You need to be careful trying to put a percentage on such a small sample. It isn't particularly representative. Your statement was based on 2 packets missing.
It is fairly straightforward to cause at least 1 missing packet manually. All you have to do is hit ctrl-c after a packet has been sent out, but before the answer has been received. On 200ms response times, that would have a 1-in-5 chance, or 20%. On 20ms response times it would be a 1-in-50 chance, or 2%.
And packet loss when pinging an innocent third-party, who might be deliberately choosing to drop packets anyway, isn't the best way to show packet loss over your own link. The BQM does a much better job of informing you about that, because you are in control of both the link and the ping target (your own router).
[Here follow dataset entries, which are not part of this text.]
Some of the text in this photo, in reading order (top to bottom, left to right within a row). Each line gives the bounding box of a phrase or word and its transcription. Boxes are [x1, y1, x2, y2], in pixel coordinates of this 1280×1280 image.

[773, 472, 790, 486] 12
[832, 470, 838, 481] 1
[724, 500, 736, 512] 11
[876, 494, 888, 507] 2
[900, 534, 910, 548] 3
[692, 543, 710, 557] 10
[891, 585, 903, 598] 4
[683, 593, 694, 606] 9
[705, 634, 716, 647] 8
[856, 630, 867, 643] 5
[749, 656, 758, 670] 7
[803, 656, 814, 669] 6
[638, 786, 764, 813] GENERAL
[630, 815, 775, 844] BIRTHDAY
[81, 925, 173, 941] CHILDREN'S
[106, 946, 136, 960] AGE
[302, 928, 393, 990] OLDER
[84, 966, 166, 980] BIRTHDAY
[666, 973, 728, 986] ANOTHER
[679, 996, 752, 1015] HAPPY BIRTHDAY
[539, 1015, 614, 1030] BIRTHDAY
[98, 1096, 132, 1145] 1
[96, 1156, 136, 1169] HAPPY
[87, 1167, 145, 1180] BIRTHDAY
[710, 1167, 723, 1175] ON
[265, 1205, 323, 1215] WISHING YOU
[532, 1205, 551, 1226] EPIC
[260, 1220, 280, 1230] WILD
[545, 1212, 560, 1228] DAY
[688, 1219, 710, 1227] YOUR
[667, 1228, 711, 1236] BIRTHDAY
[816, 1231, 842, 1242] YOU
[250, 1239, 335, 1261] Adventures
Stanman's BQM isn't showing any packet loss; I don't see even 1% during the evening peak time. I don't think packet loss is an aspect that ought to worry him
Comparing his graph to
the ones published by Plusnet for a group of users, it seems to have been quite a busy night over there. (You'll have to compare soon, as all the graphs are live, and the peaks are gradually disappearing. Robertos - yours looks bad, given that even the minimum latency was raised!)
But you're right that 22% packet loss is likely to be crippling to TCP throughput.
TCP might change the number of packets in flight as part of congestion control, but I've never heard of it actively dropping a packet. Given that its job is to ensure everything is received, that would be plain daft.